━━━━━ Working data
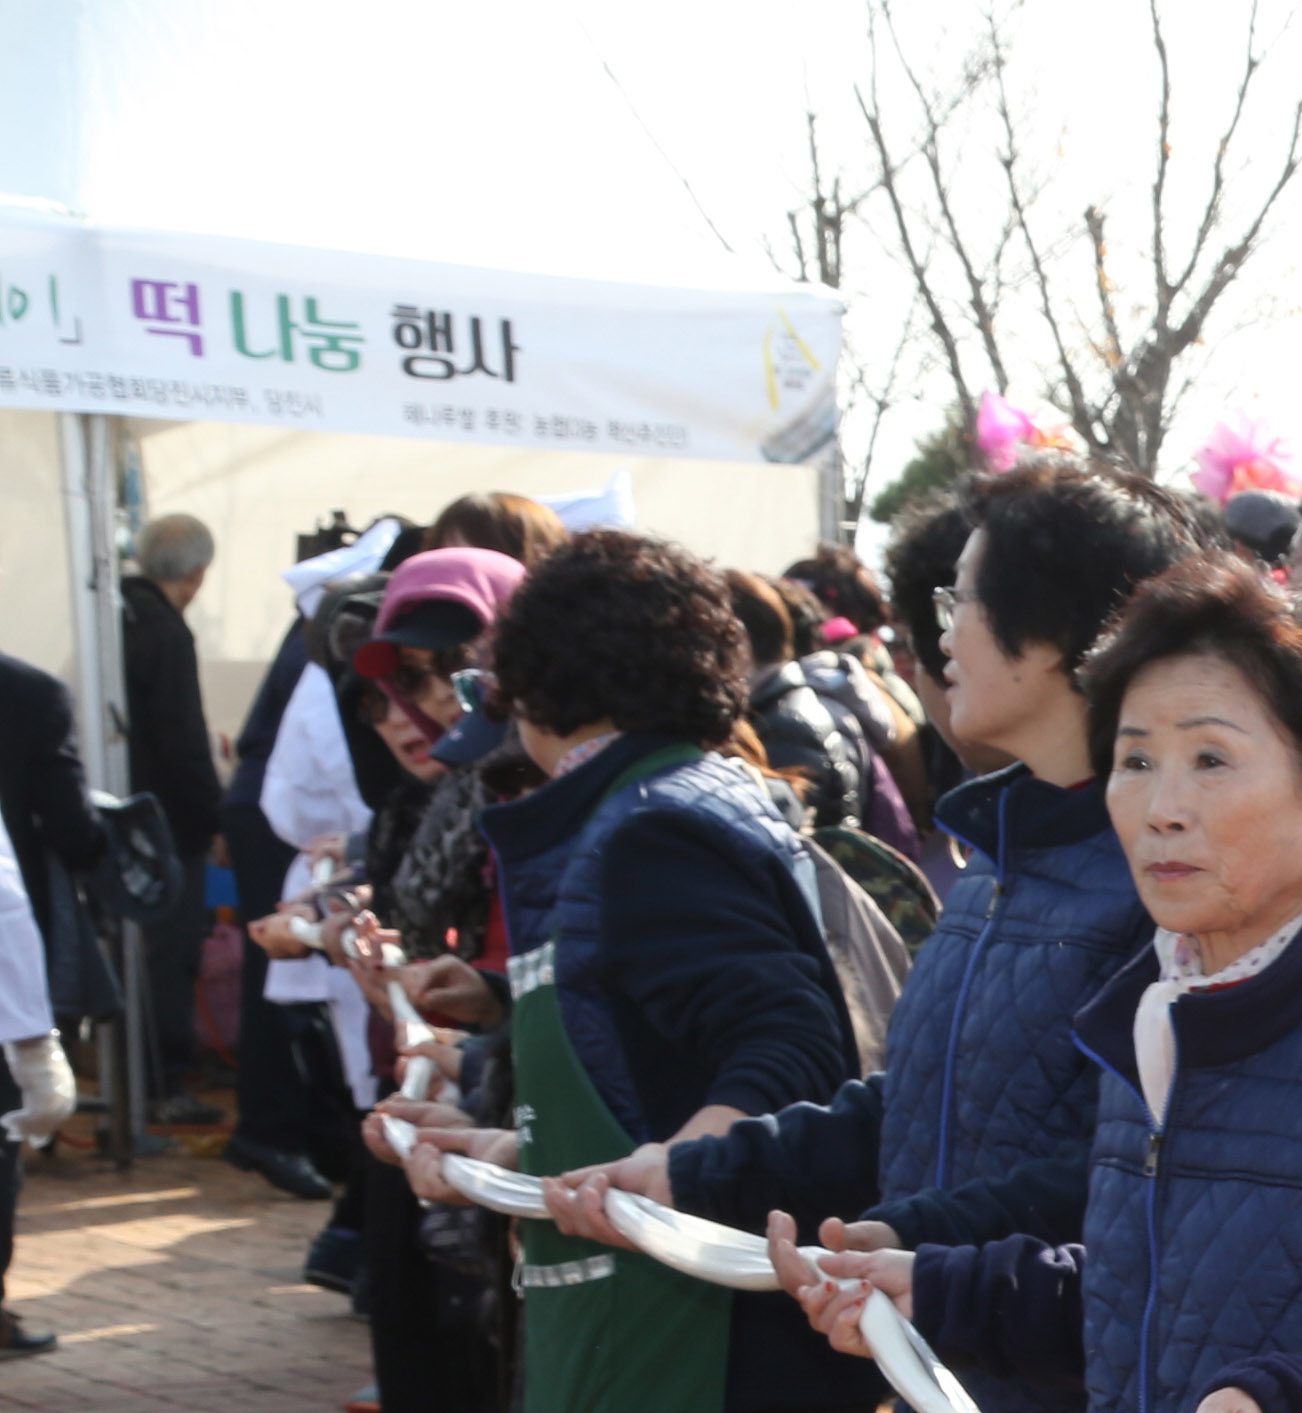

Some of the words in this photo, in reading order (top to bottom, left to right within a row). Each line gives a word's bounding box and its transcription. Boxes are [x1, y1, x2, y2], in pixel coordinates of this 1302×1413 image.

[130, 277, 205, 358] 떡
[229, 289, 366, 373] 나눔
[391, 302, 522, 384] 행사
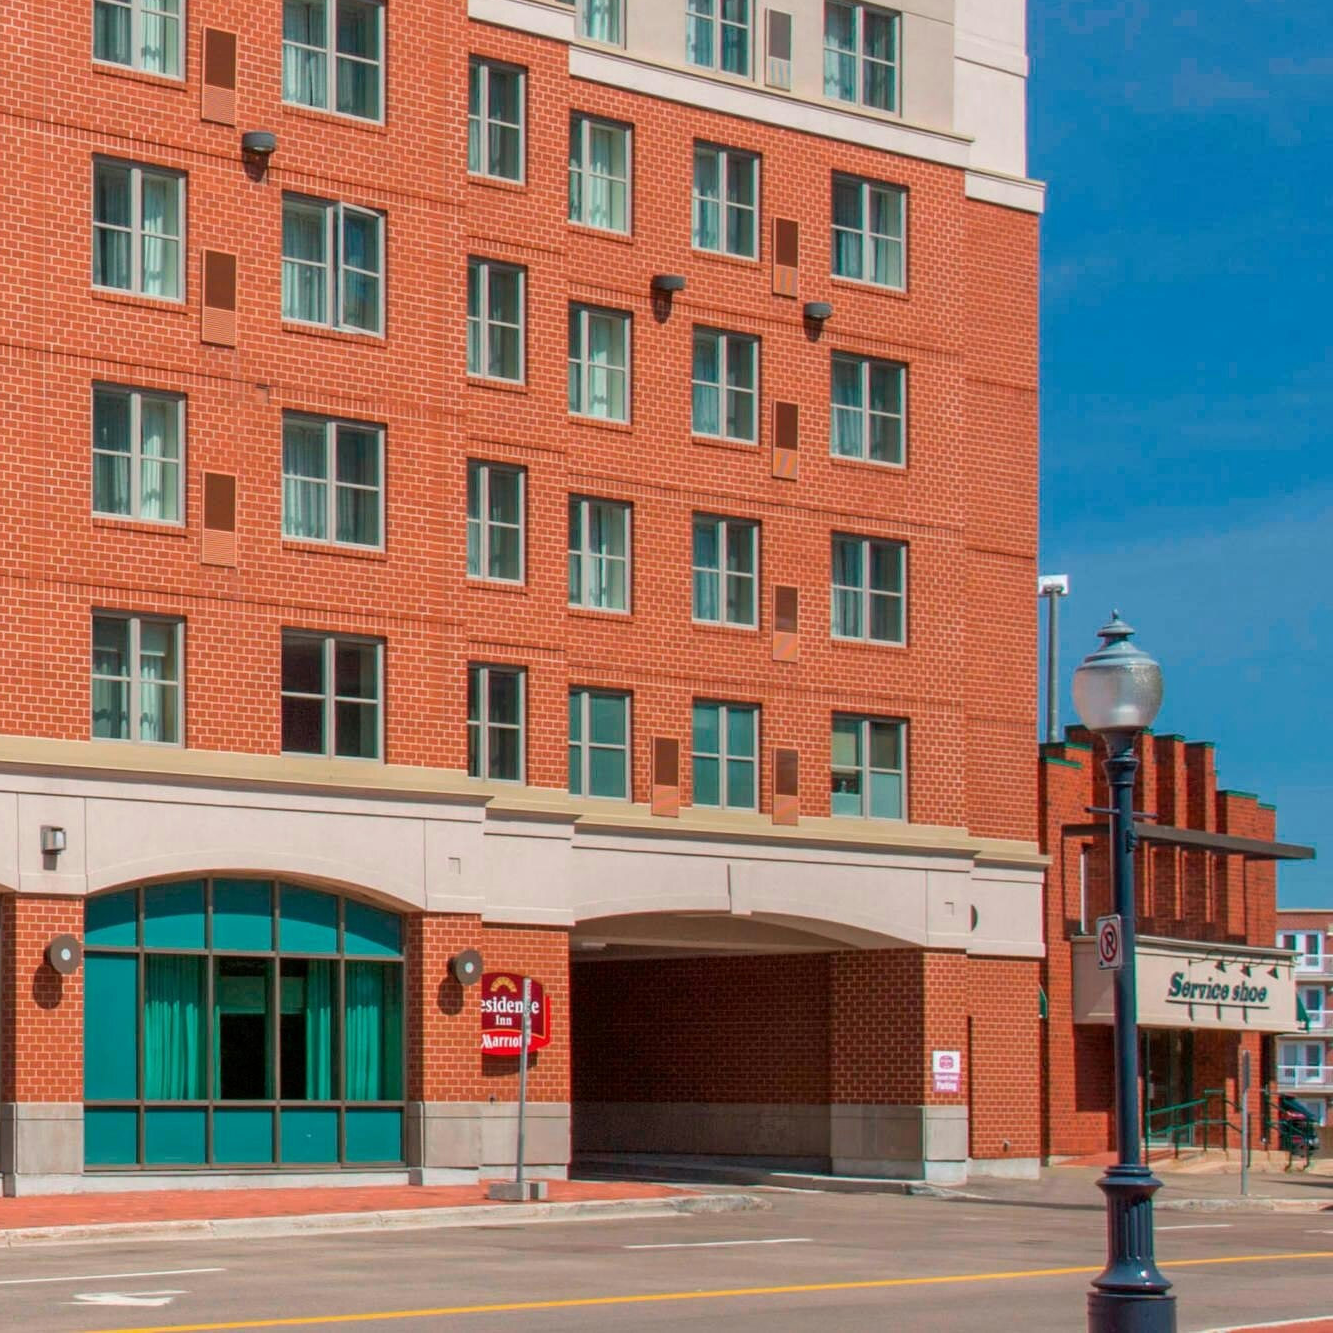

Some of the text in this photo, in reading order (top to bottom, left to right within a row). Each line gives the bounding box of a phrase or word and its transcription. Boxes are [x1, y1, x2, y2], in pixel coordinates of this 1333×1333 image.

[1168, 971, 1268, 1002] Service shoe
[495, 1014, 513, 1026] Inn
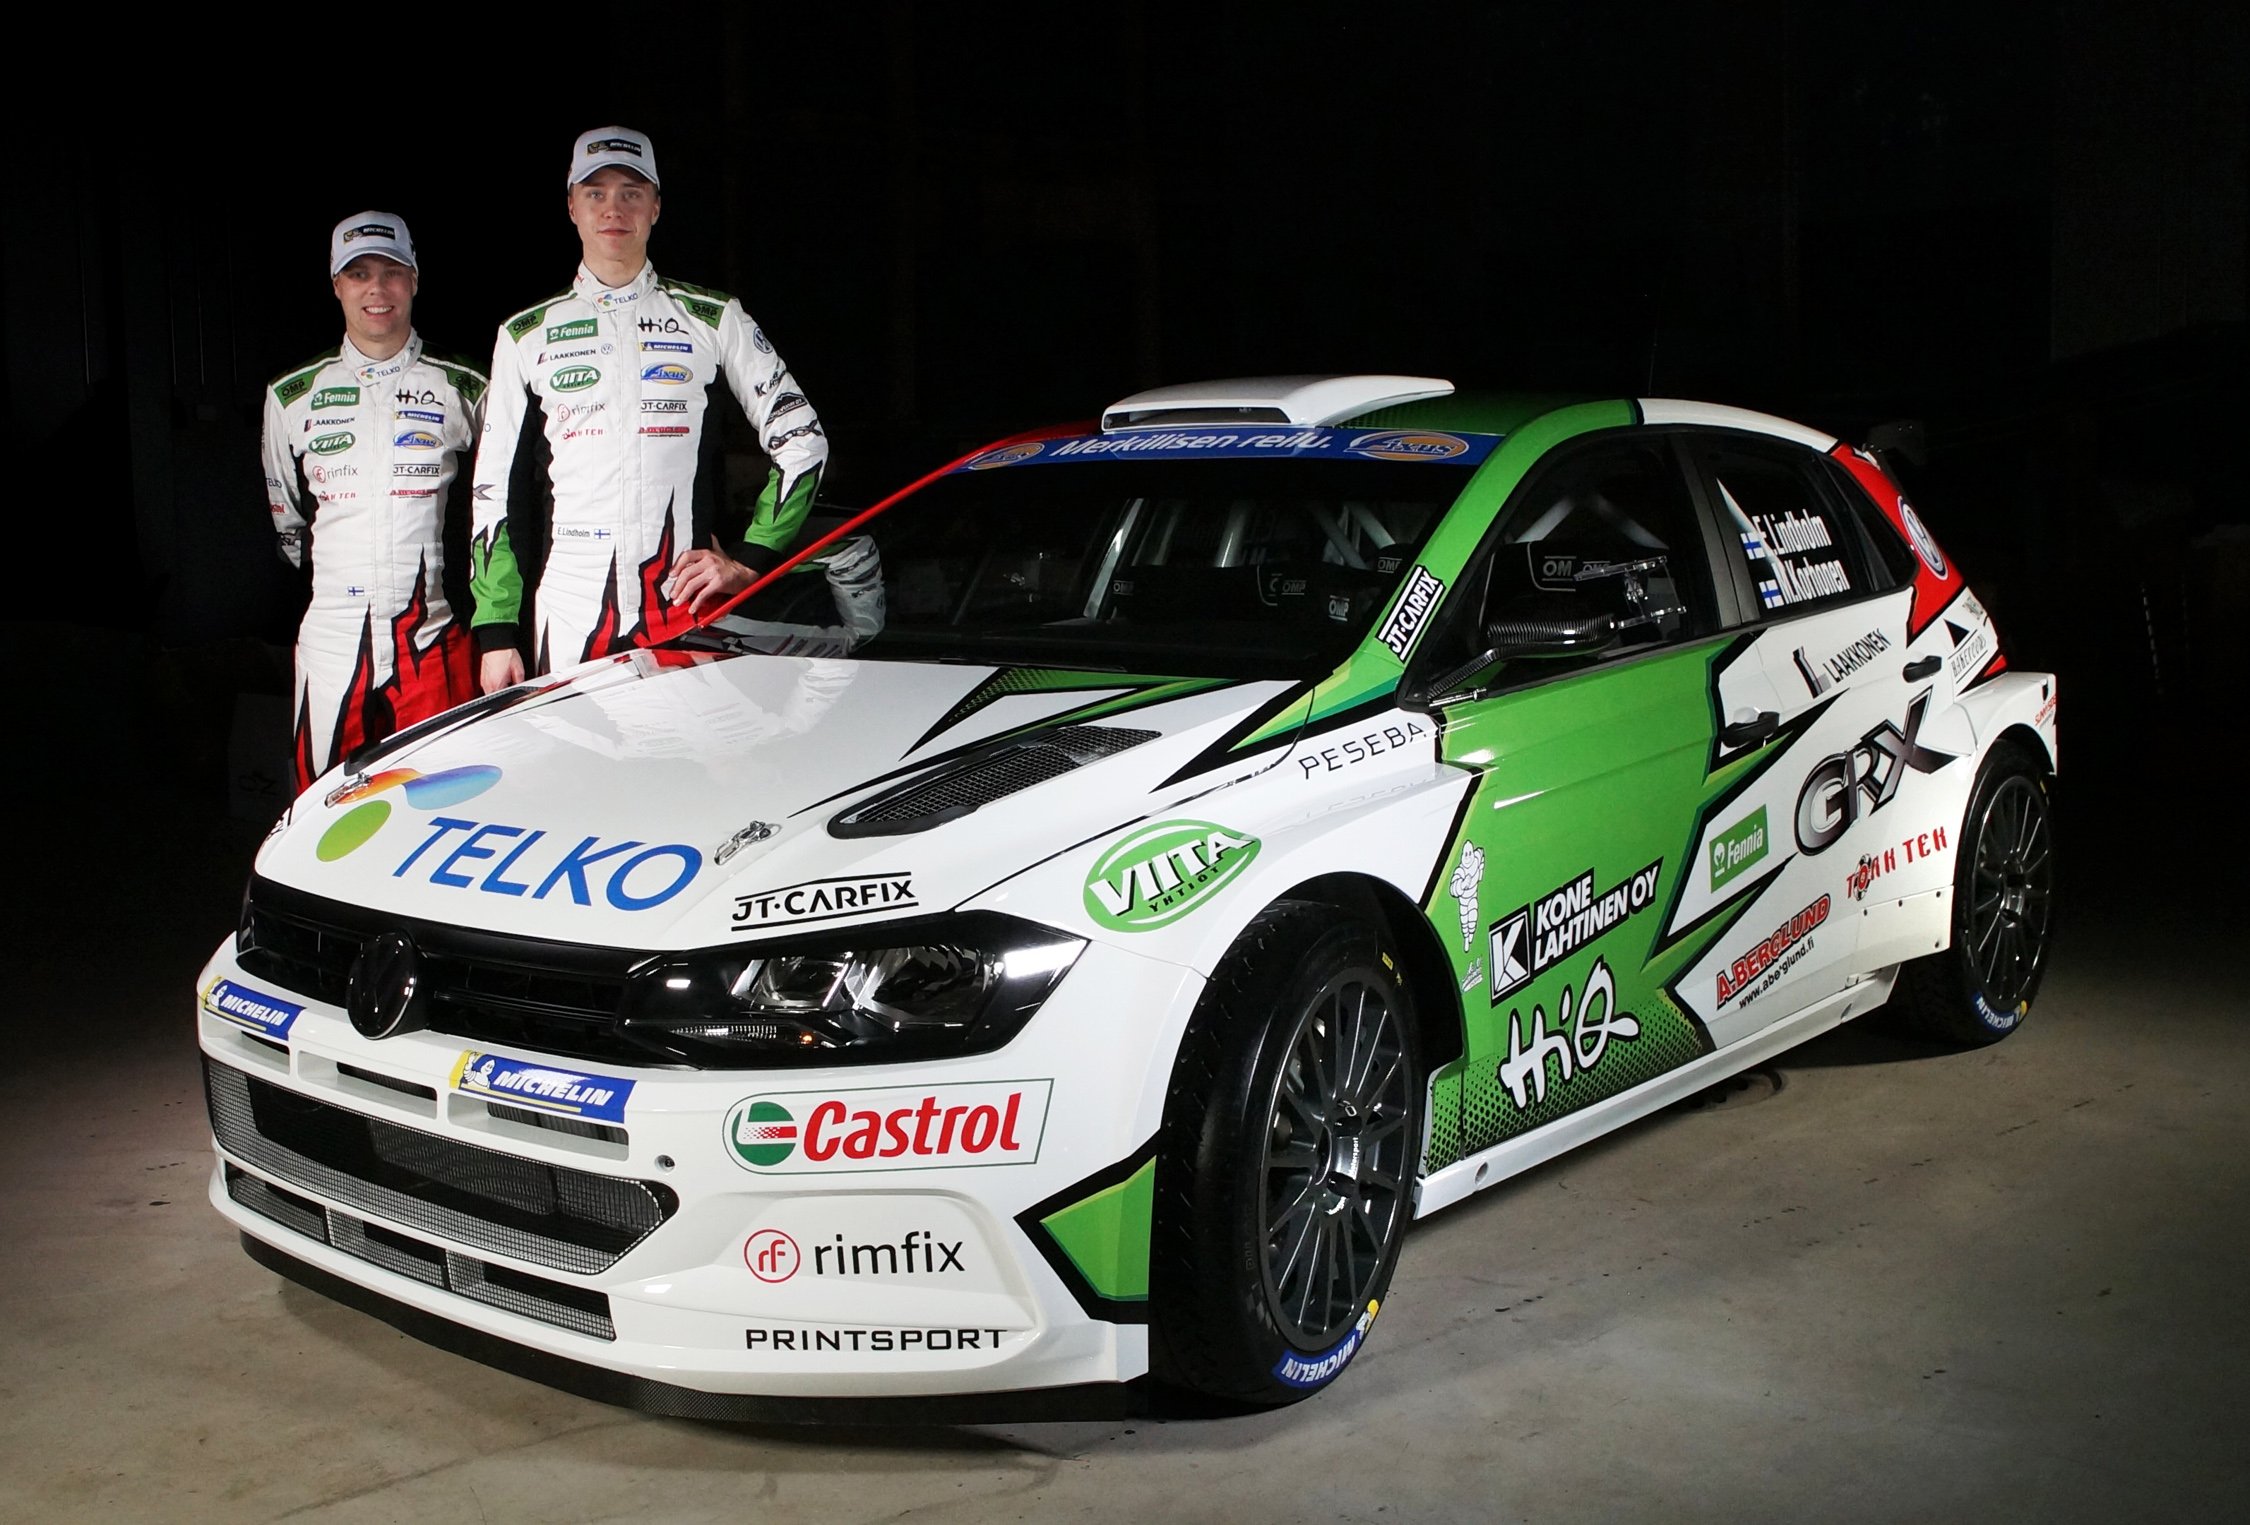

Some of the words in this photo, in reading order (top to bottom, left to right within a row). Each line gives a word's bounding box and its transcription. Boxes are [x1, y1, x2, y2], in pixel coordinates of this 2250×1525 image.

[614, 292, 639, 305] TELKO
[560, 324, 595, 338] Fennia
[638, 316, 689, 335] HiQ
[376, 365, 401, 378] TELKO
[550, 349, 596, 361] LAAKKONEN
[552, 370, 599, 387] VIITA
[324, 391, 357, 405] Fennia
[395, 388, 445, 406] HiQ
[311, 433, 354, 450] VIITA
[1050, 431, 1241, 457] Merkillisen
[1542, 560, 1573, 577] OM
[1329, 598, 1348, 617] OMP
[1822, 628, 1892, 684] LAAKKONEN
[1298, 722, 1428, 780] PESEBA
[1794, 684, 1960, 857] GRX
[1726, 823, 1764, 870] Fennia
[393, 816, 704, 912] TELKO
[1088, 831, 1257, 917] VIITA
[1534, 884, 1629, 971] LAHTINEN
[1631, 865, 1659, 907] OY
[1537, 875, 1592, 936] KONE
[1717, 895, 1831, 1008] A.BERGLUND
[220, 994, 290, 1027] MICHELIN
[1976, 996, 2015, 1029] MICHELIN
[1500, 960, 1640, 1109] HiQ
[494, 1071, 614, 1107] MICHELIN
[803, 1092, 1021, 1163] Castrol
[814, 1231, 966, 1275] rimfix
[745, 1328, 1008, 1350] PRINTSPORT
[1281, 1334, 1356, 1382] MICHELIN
━━━━━━━━━━
◆ What the task requires: Would it be possible to print the records above verbatim, pictures omitted?

◆ Your response:
Some of the words in this photo, in reading order (top to bottom, left to right within a row). Each line gives a word's bounding box and its transcription. Boxes are [x1, y1, x2, y2], in pixel coordinates of this 1302×1413 image.

[130, 277, 205, 358] 떡
[229, 289, 366, 373] 나눔
[391, 302, 522, 384] 행사

Some of the text in this photo, in reading order (top to bottom, left to right within a row). Each line gives the bounding box of a phrase or word and its transcription. Boxes are [x1, y1, x2, y2], in pixel coordinates of this 1333×1333 image.

[1168, 971, 1268, 1002] Service shoe
[495, 1014, 513, 1026] Inn

Some of the words in this photo, in reading order (top to bottom, left to right within a row). Each line gives a word's bounding box and its transcription. Boxes are [x1, y1, x2, y2], in pixel coordinates of this 2250×1525 image.

[614, 292, 639, 305] TELKO
[560, 324, 595, 338] Fennia
[638, 316, 689, 335] HiQ
[376, 365, 401, 378] TELKO
[550, 349, 596, 361] LAAKKONEN
[552, 370, 599, 387] VIITA
[324, 391, 357, 405] Fennia
[395, 388, 445, 406] HiQ
[311, 433, 354, 450] VIITA
[1050, 431, 1241, 457] Merkillisen
[1542, 560, 1573, 577] OM
[1329, 598, 1348, 617] OMP
[1822, 628, 1892, 684] LAAKKONEN
[1298, 722, 1428, 780] PESEBA
[1794, 684, 1960, 857] GRX
[1726, 823, 1764, 870] Fennia
[393, 816, 704, 912] TELKO
[1088, 831, 1257, 917] VIITA
[1534, 884, 1629, 971] LAHTINEN
[1631, 865, 1659, 907] OY
[1537, 875, 1592, 936] KONE
[1717, 895, 1831, 1008] A.BERGLUND
[220, 994, 290, 1027] MICHELIN
[1976, 996, 2015, 1029] MICHELIN
[1500, 960, 1640, 1109] HiQ
[494, 1071, 614, 1107] MICHELIN
[803, 1092, 1021, 1163] Castrol
[814, 1231, 966, 1275] rimfix
[745, 1328, 1008, 1350] PRINTSPORT
[1281, 1334, 1356, 1382] MICHELIN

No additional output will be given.